Over 100 years ago, a tornado struck the prairies of Minnesota. Many were killed, hundreds were injured, and one small town was almost demolished. In the midst of the disaster, an elderly British surgeon and his two medically trained sons worked almost around the clock for days aiding the stricken, bandaging wounds, and setting broken limbs.

Their heroic work did not go unnoticed. Their excellence as physicians and their selflessness in the service of those in need created a following among the tornado victims. The doctor and his sons were offered financial backing to build a hospital, provided that they took charge.

The men agreed and in 1889 founded a clinic that soon attracted nationwide attention. Their little clinic grew.

The city was Rochester, Minnesota.

The elderly doctor’s name: William W. Mayo.

His sons: William J. and Charles Mayo.

Their clinic is called simply “The Mayo Clinic.” It now consists of over 500 physicians treating more than 200,000 people a year. It is known worldwide as one of the premier places of health, healing and excellence in medicine.

I’m sure if you asked the citizens of Minnesota about the Rochester tornado at the time, they would have said it was all about death and destruction, an unqualified disaster.
But, put in the perspective of better than a century, and in the hands of a creative God, the tornado was really about life, help, and healing.

Sunday, November 21, 2010

Pray for church in North Korea

I heard it today in church from our visiting preacher, that for many people who live under repressive regimes, coming to faith in Christ is very costly. Please take a few minutes and listen to the testimony of this 18-year-old high school student speaking at Lausanne Conference last month in South Africa, then act. Please join me in praying great prayers for the people of North Korea and for the spread of the gospel in that country.

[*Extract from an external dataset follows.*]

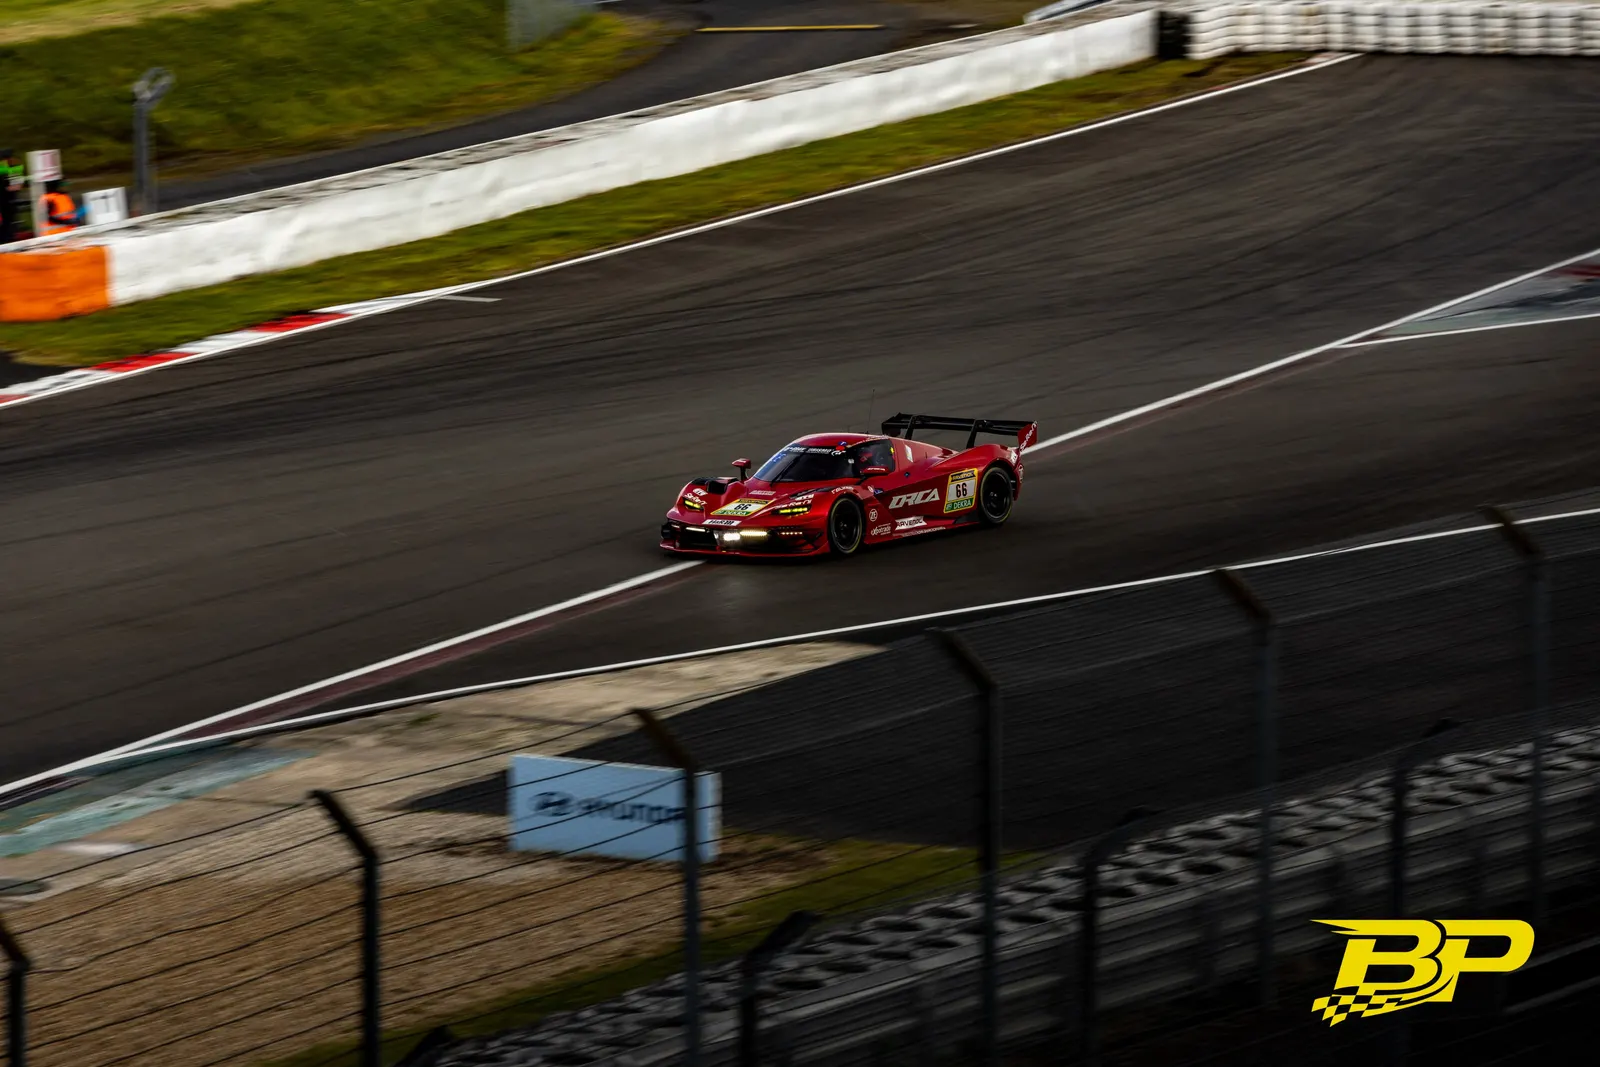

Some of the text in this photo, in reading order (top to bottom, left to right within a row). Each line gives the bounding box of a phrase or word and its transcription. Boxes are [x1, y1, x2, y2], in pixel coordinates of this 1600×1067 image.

[955, 482, 968, 498] 66
[888, 488, 940, 509] ORCA
[953, 499, 972, 510] DEKRA
[734, 503, 752, 511] 66

Here's my question: which is preferable...having political freedom (as in the West) but have a passive/luke warm faith; or facing  persecution and trials (as in many repressive countries) and yet have a vibrant faith?

Thursday, November 18, 2010

Life on Purpose

Max Lucado has done it again. With his keen understanding of Scripture, his love for God and his love for people, Lucado’s newest book, Outlive your Life: You were made to make a difference, encourages readers to live for causes that are bigger than their own personal ambitions. Personal ambitions have a limited shelf life that will dissipate after death. The key is to live for some greater purpose that impacts the world long after you are gone. The book, based on a series of sermons preached on the book of Acts, seeks to motivate Christians to do more than talk; Christians are called to live their faith in very tangible ways.

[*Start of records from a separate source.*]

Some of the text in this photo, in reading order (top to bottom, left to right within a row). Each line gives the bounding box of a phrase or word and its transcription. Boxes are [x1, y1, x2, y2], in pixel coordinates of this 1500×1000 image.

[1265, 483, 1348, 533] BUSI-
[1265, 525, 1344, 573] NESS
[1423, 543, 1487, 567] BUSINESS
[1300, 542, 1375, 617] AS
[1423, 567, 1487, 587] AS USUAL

Lucado’s heart for our troubled world is felt through every page. The statistics are grim: 1.75 billion people are desperately poor, 1 billion are hungry, millions are trafficked in slavery, and pandemic diseases are gouging entire nations. Each year nearly 2 million children are exploited in the global commercial sex trade. And in the few minutes it took you to read these pages, almost ninety children died of preventable diseases, and on and on it goes. This is why all the royalties raised from the sale of Outlive Your Life will be given to benefit children and families through World Vision.

I was deeply moved by Lucado’s writing. He is an effective communicator; he presents his ideas simply, yet profoundly. Since reading Outlive your life, I am more conscious of the need to pray, think, and act with compassion to the people I meet. If you are not interested in being disturbed and roused from our entertainment induced somnolence, then stay away from this book. But if you are seeking to grow, pray, and serve the needs of others, Outlive your life, will help you demonstrate the compassion of Christ to the world.

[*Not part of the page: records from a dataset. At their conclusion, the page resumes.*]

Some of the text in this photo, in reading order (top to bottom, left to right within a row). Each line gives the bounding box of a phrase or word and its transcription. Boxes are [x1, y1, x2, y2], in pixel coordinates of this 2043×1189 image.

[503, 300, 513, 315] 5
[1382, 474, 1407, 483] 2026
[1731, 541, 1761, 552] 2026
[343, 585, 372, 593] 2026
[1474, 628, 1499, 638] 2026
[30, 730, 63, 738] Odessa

At the back of the book are a set of very helpful discussion questions and action guide. For example, one of the practical action points asks the reader to grow in their cross-cultural awareness. Learn about the group that lives on the other side of a dividing social wall in your community or region. Eat where they eat, shop where they shop, and meet people. Listen to their stories, Find out what you have in common. Find out what differences are crucial and be sensitive to them. Instead of creating paralysis due to information overload, Outlive your Life, motivates the reader to find even one thing, and do it; anything done in the name of Christ for others helps to heal the world.